NAME
Lingua::NATools::Dict - Perl extension to encapsulate Dict interface
SYNOPSIS
use Lingua::NATools::Dict;
$dic = Lingua::NATools::Dict::open("file.bin");
$dic->save($filename);
$dic->close;
$dic->add($dic2);
$dic->size();
$dic->exists($id);
$dic->occ($id);
$dic->vals($id);
$dic->for_each( sub{ ... } );
DESCRIPTION
The Dict files (with extension .bin
) created by NATools, are mapping from identifiers of words on one corpus, to identifiers of words on another corpus. Thus, all operations performed by this module uses identifiers instead of words.
You can open the dictionary using
$dic = Lingua::NATools::Dict::open("dic.bin");
Then, all operations are available by methods, in a OO fashion. After using the dictionary, do not forget to close it using
$dic->close().
The add
method receives a dictionary object and adds it with the current contents. Notice that both dictionaries need to be congruent relatively to word identifiers. After adding, do not forget to save, if you with, with
$dic->save("new.dic.bin");
The size
method returns the total number of words on the corpus (the sum of all word occurrences). To get the number of occurrences for a specific word, use the occ
method, passing as parameter the word identifier.

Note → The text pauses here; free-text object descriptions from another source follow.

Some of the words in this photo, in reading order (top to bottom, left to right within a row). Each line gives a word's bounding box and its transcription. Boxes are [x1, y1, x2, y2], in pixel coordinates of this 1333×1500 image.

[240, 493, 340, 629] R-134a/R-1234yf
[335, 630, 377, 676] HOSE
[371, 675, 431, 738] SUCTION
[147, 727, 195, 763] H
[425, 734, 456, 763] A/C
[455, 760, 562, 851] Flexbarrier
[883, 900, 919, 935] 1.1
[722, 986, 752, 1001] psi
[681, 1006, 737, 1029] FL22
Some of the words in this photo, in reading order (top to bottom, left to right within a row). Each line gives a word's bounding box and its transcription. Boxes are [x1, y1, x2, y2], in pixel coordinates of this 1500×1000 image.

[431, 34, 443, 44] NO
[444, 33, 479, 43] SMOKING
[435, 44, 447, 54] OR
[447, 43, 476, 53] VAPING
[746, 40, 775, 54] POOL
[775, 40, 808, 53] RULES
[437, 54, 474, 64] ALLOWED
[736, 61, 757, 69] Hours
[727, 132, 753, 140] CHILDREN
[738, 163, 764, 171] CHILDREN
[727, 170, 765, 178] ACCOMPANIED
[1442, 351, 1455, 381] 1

To check if an identifier exists in the dictionary, you can use the exists
method which returns a boolean value.
The vals
method returns an hash of probable translations for the identifier supplied AS A ARRAY REFERENCE. The hash contains as keys the identifiers of the possible translations, and as values their probability of being a translation.
Finally, the for_each
method makes you able to cycle through all word on the dictionary. It receives a funcion reference as argument.

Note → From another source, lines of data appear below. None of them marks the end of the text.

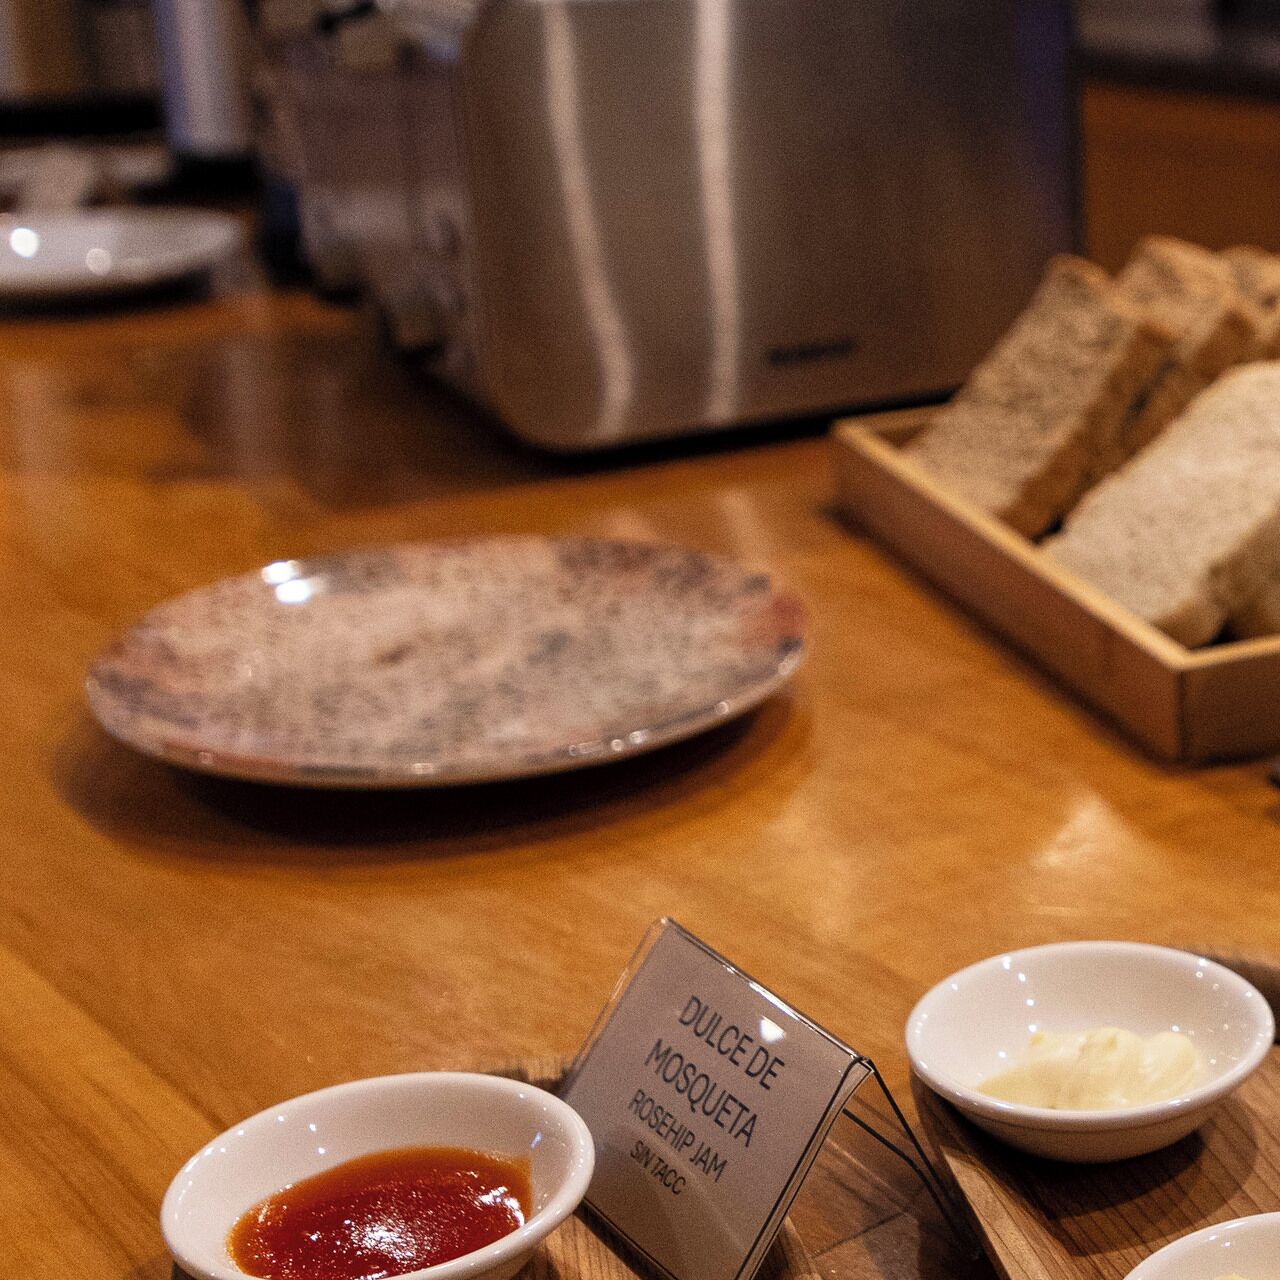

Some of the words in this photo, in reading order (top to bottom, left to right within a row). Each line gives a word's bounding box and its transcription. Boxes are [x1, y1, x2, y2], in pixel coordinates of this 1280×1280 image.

[679, 995, 753, 1066] DULCE
[746, 1047, 785, 1091] DE
[628, 1088, 696, 1153] ROSEHIP
[688, 1141, 728, 1183] JAM
[643, 1038, 759, 1148] MOSQUETA
[630, 1140, 656, 1169] SIN
[651, 1157, 686, 1195] TACC
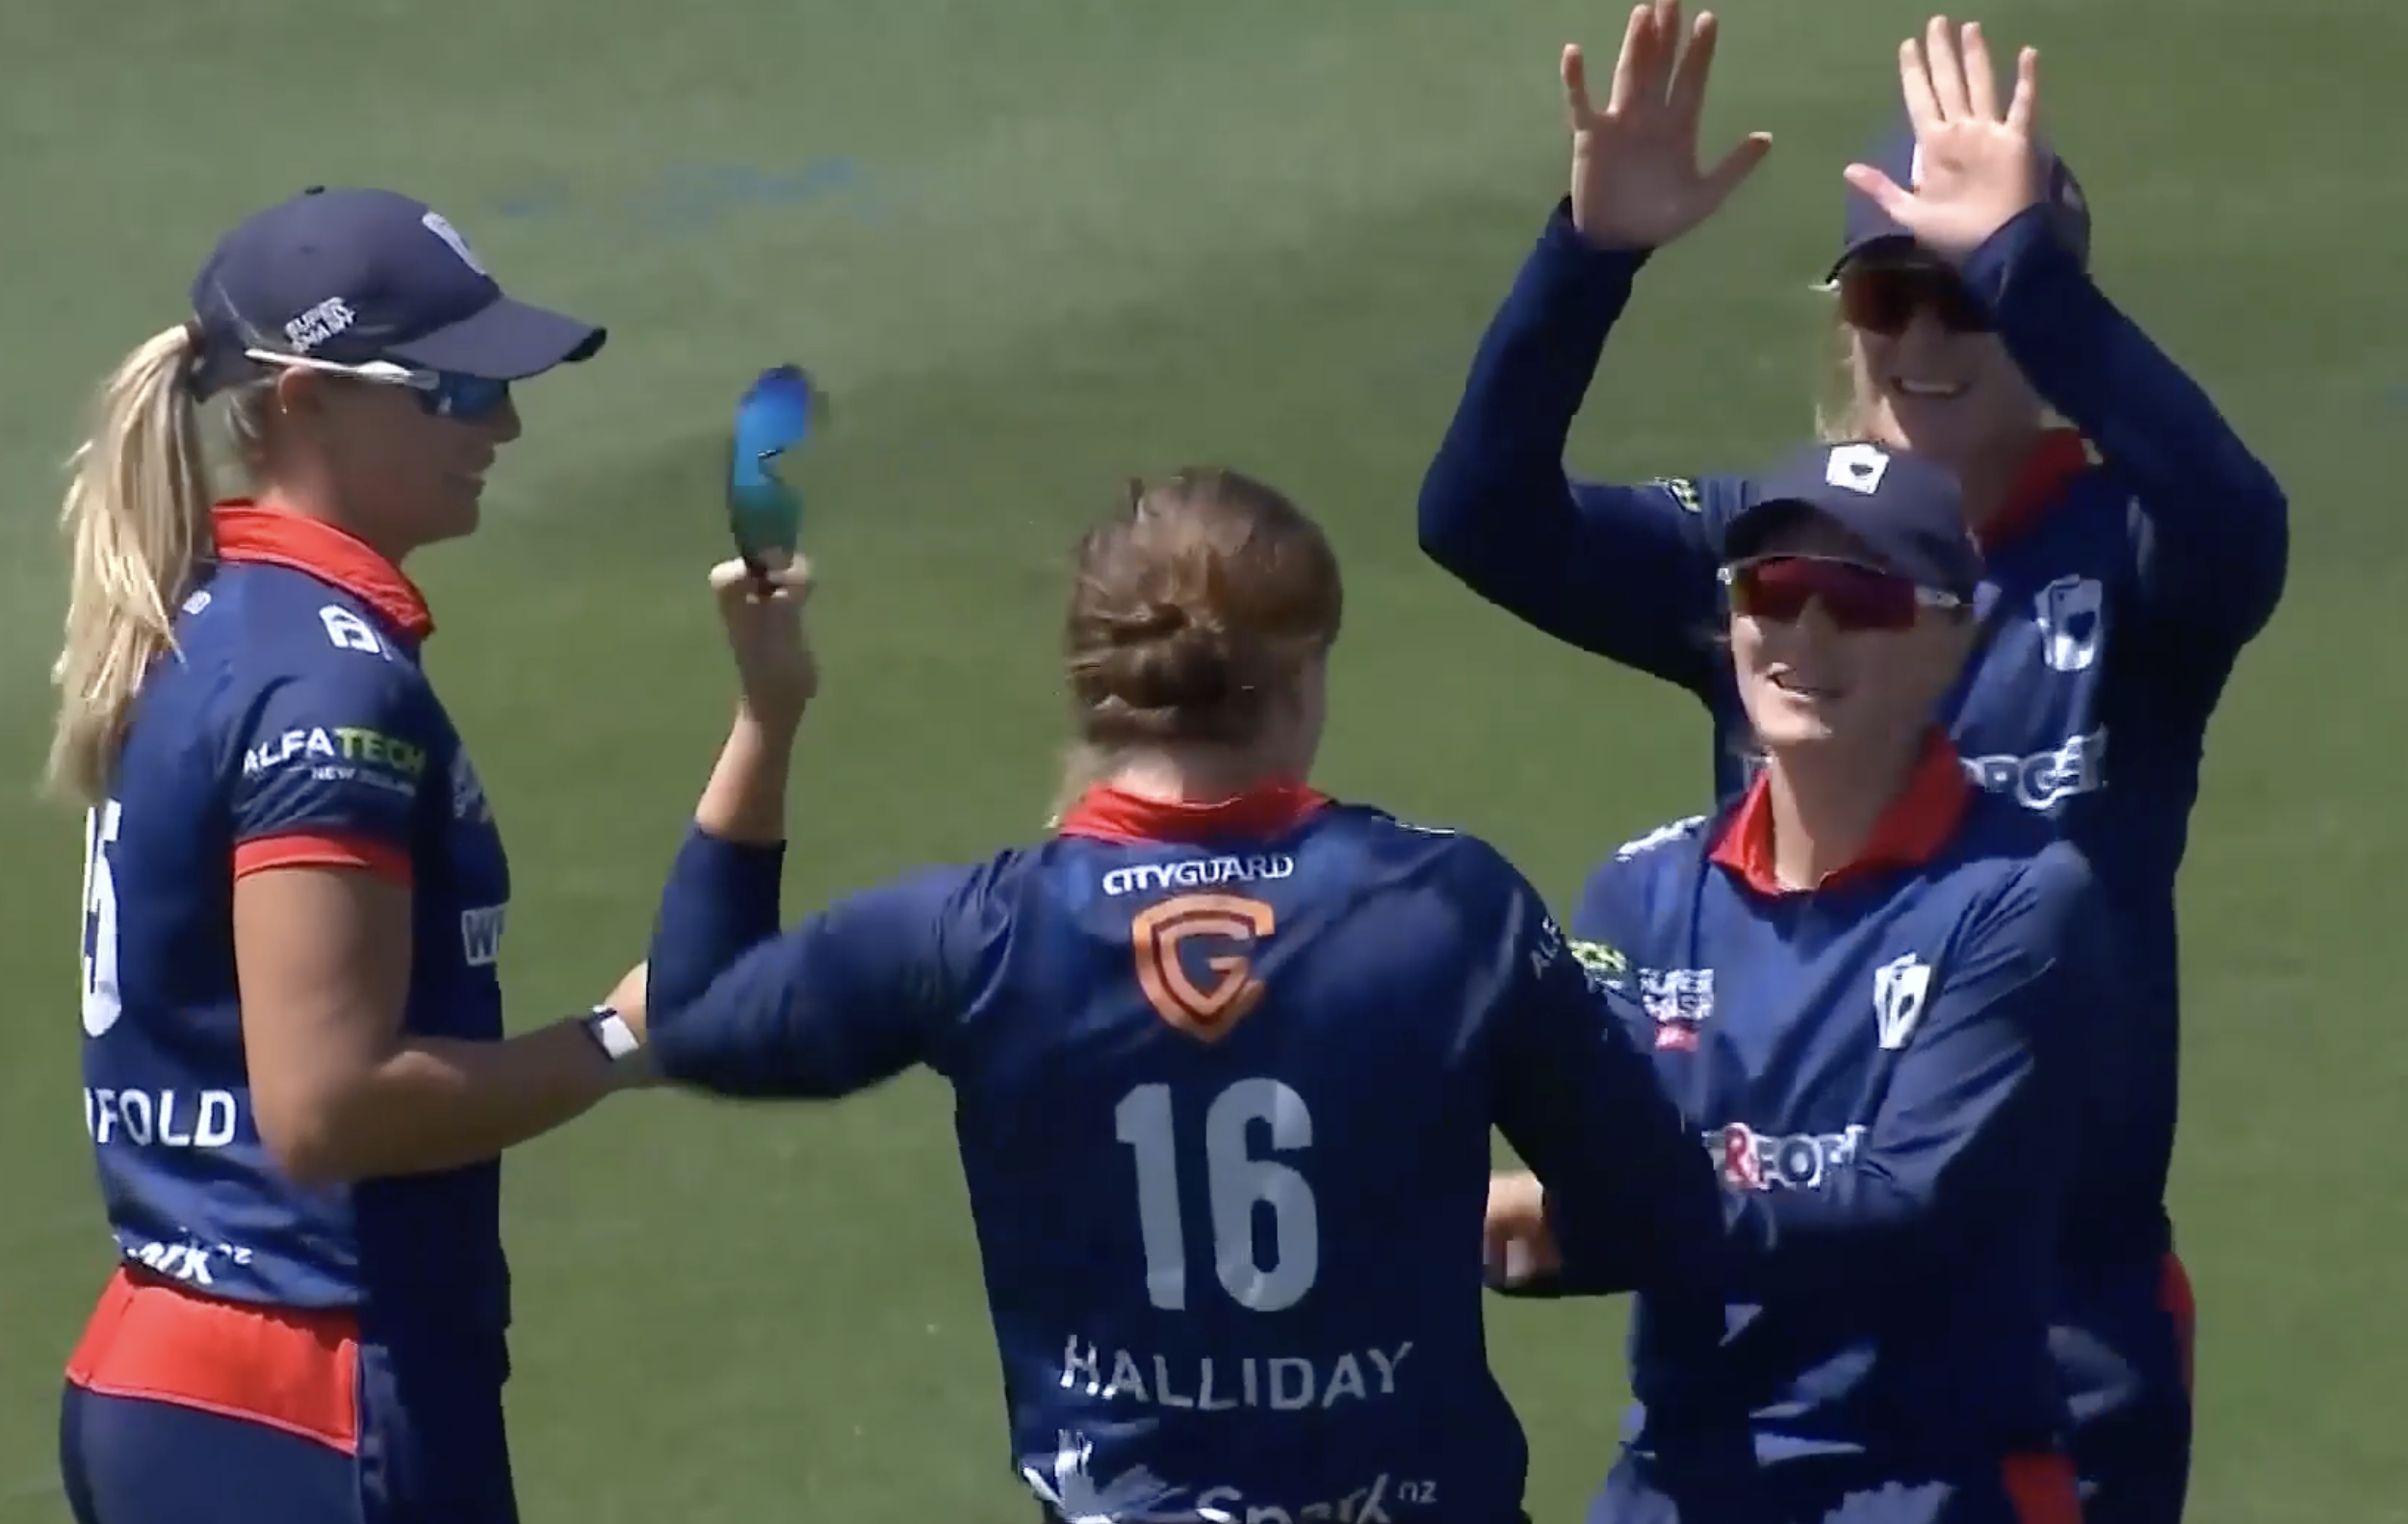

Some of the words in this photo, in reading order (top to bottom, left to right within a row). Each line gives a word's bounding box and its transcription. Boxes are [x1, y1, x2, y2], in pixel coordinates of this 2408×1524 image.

[244, 727, 427, 775] ALFATECH
[1102, 856, 1294, 895] CITYGUARD
[1115, 1077, 1319, 1312] 16
[1060, 1334, 1413, 1410] HALLIDAY

$dic->for_each( sub{ ... } );
Each time the function is called, the following is passed as @_
:
word => $id , occ => $occ , vals => $vals
where $id
is the word identifier, $occ
the result of calling occ
with that word, and $vals
is the result of calling vals
with that word.
SEE ALSO
See perl(1) and NATools documentation.
AUTHOR
Alberto Manuel Brandao Simoes, <albie@alfarrabio.di.uminho.pt>
COPYRIGHT AND LICENSE
Copyright 2002-2012 by NATURA Project http://natura.di.uminho.pt
This library is free software; you can redistribute it and/or modify it under the GNU General Public License 2, which you should find on parent directory. Distribution of this module should be done including all NATools package, with respective copyright notice.